Fixing Release 003

mzattera · mzattera · commit 6edc4fb5339e · 2021-09-09T15:03:07.000+02:00
diff --git a/README.md b/README.md
@@ -145,9 +145,9 @@ The class can build a BoW where dimensions can be (see `BagOfWordsMode`):
 Notice this class is `Clusterable`, thus can be used with the Apache clustering API where subclasses of `Clusterer<T extends Clusterable>`
 are used to cluster set of `Clusterable` instances.
 
-#### K-Means Clustering
+#### K-Means Clustering - `io.github.mattera.v4j.util.clustering`
 
-Below an example of how BoW insances can be clustered:
+Below an example of how BoW instances can be clustered:
 
 ```Java
 // Distance measure for clustering
@@ -191,10 +191,6 @@ clusters.get(i).getPoints();
 ...
 ```
 
-#### K-Means Clustering
-
-TODO
-
 
 ### Useful Stuff - `io.github.mattera.v4j.util`
 
diff --git a/docs/003/index.md b/docs/003/index.md
@@ -232,7 +232,7 @@ Courier's languages reflect language differences in the underlying "clear" text.

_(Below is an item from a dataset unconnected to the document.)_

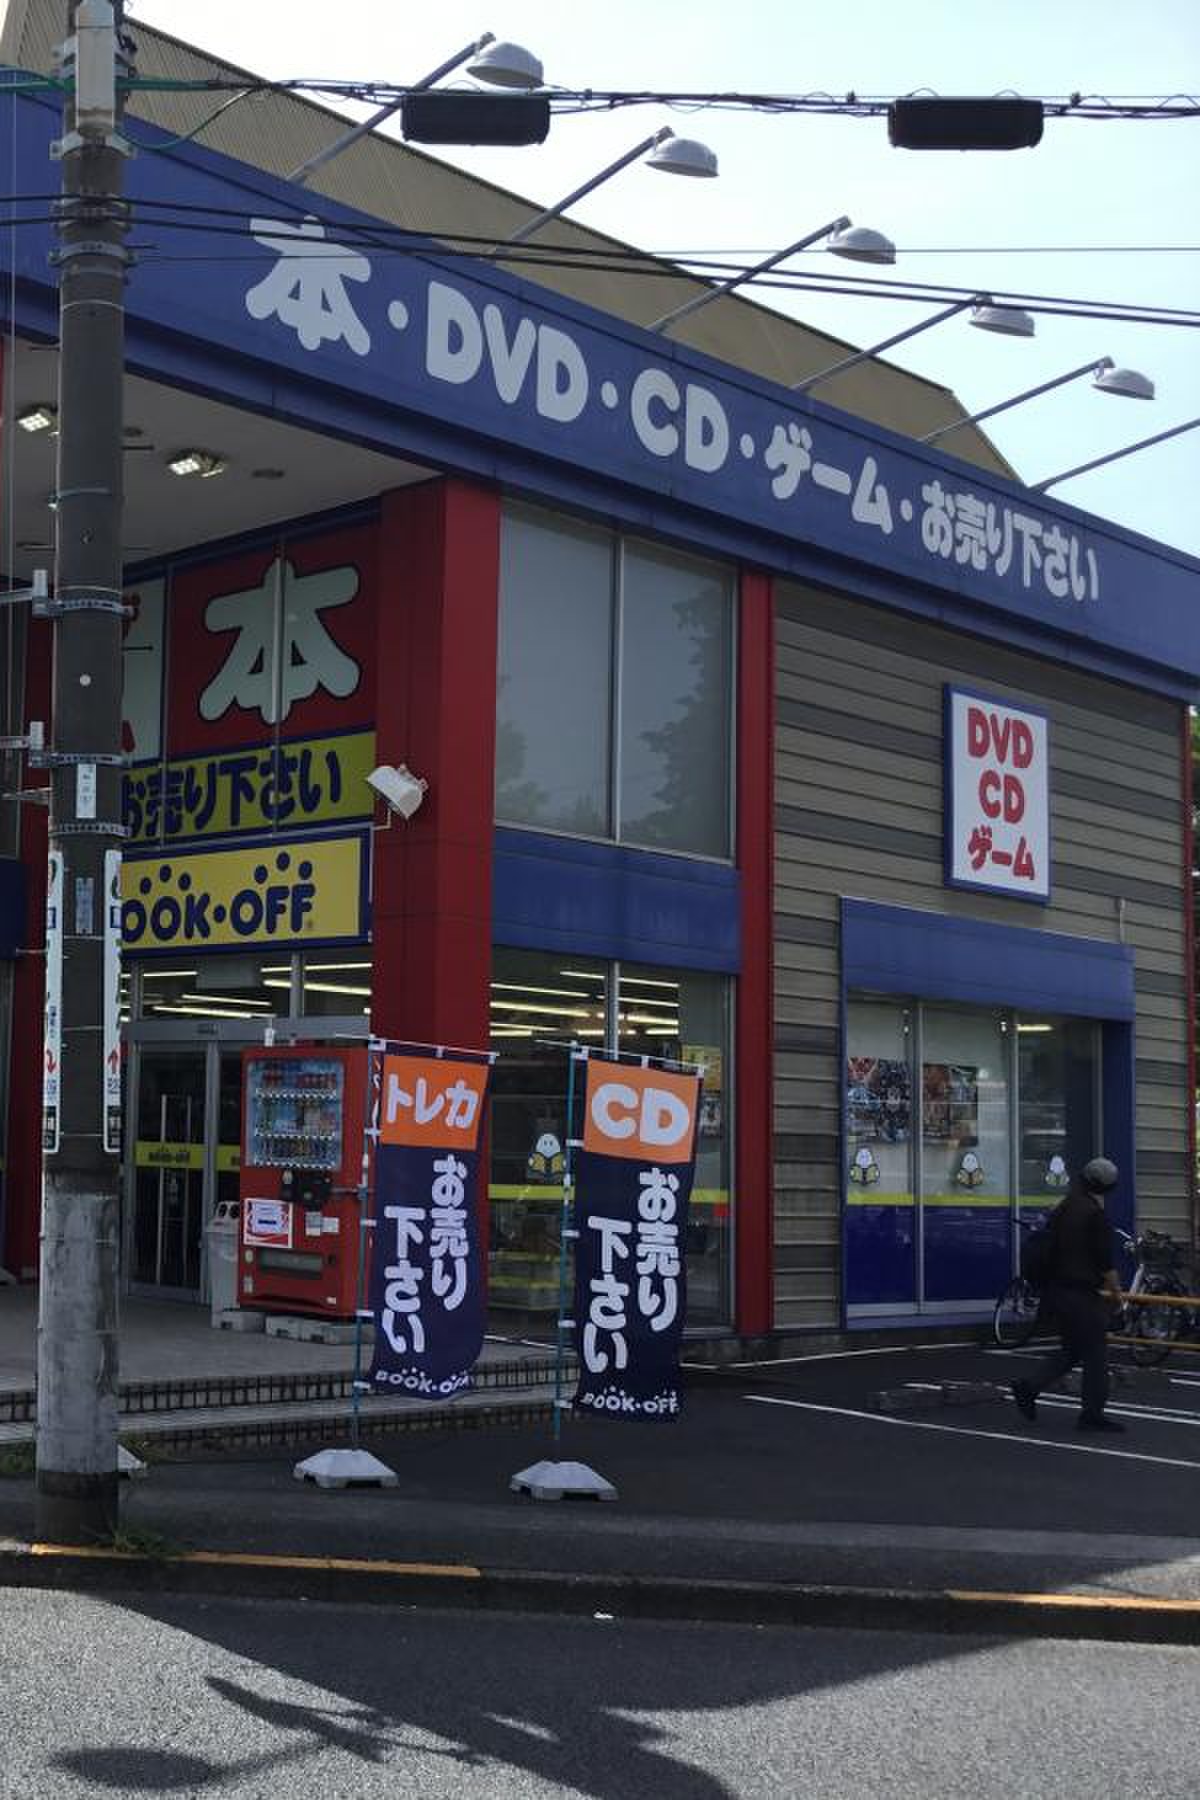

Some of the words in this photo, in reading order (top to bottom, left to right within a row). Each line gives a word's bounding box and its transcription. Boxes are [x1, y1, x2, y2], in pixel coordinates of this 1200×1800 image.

 these differences should be kept in mind when performing statistical analysis of the text or when trying it decipherment.
 
   For this reason v4j library provides means to classify pages accordingly to above considerations, the resulting clusters are shown below
-  (also refer to[`PageHeader`]() class.
+  (also refer to[`PageHeader`](https://github.com/mzattera/v4j/blob/v.3.0.0/eclipse/io.github.mattera.v4j/src/main/java/io/github/mattera/v4j/text/ivtff/PageHeader.java) class.
  
   ![Cluster size in words](images/Clusters.PNG)
 
@@ -243,17 +243,19 @@ these differences should be kept in mind when performing statistical analysis of
 
 <a id="Note1">**{1}**</a> See [v4j README](https://github.com/mzattera/v4j#alphabet).
 
-<a id="Note2">**{2}**</a> The class [`OutlierDetection`]() is used to calculate average distance of each page from other
-pages in the text. The output of the class (`PageEmbeddingDistance.xlsx`) can be found in the [analysis folder]().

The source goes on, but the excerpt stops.